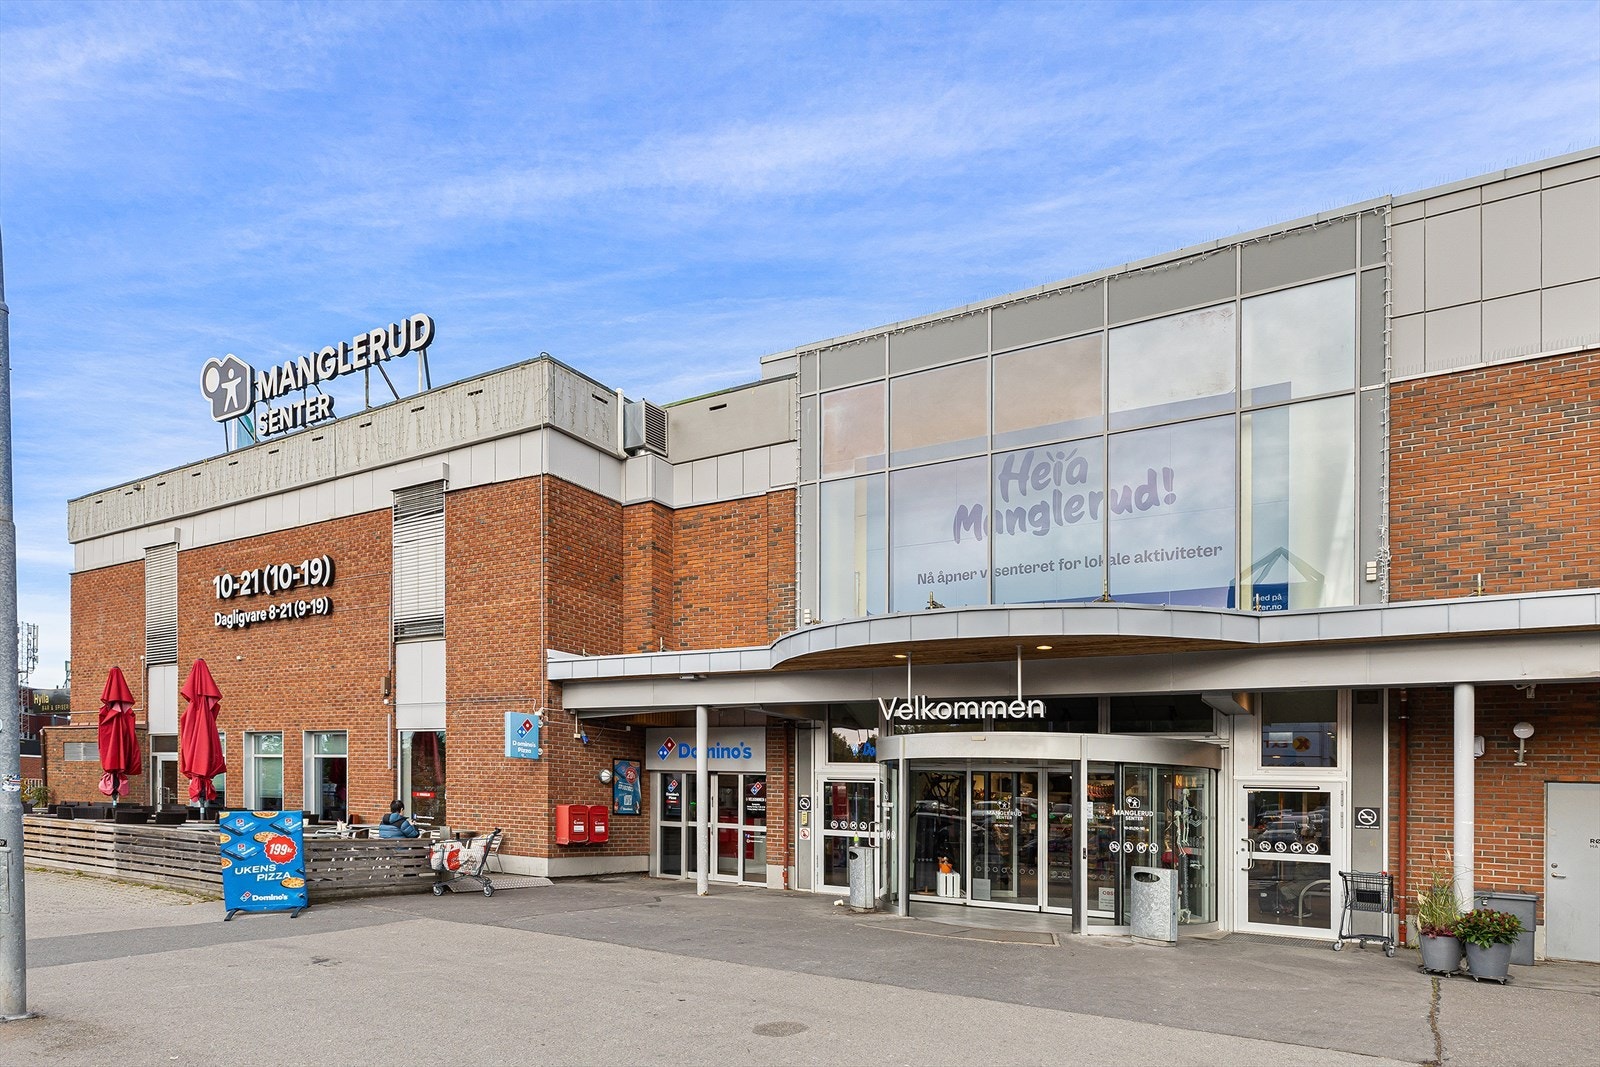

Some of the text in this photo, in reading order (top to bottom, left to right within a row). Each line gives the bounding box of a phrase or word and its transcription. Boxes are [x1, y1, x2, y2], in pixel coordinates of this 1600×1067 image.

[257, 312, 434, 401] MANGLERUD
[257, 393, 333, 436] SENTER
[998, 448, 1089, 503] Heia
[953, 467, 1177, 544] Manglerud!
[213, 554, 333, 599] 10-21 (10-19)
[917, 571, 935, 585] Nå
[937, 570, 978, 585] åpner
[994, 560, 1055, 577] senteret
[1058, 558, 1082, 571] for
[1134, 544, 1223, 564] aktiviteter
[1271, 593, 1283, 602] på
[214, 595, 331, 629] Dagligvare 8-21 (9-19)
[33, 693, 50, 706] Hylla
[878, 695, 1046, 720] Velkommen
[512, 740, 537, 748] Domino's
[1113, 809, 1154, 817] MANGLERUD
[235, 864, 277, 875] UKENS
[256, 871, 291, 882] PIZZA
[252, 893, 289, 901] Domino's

> BRIEF: Each entry must be reproduced word for word, and any image among them left out.

> EXERCISE RESPONSE:
Some of the text in this photo, in reading order (top to bottom, left to right within a row). Each line gives the bounding box of a phrase or word and its transcription. Boxes are [x1, y1, x2, y2], in pixel coordinates of this 1600×1067 image.

[257, 312, 434, 401] MANGLERUD
[257, 393, 333, 436] SENTER
[998, 448, 1089, 503] Heia
[953, 467, 1177, 544] Manglerud!
[213, 554, 333, 599] 10-21 (10-19)
[917, 571, 935, 585] Nå
[937, 570, 978, 585] åpner
[994, 560, 1055, 577] senteret
[1058, 558, 1082, 571] for
[1134, 544, 1223, 564] aktiviteter
[1271, 593, 1283, 602] på
[214, 595, 331, 629] Dagligvare 8-21 (9-19)
[33, 693, 50, 706] Hylla
[878, 695, 1046, 720] Velkommen
[512, 740, 537, 748] Domino's
[1113, 809, 1154, 817] MANGLERUD
[235, 864, 277, 875] UKENS
[256, 871, 291, 882] PIZZA
[252, 893, 289, 901] Domino's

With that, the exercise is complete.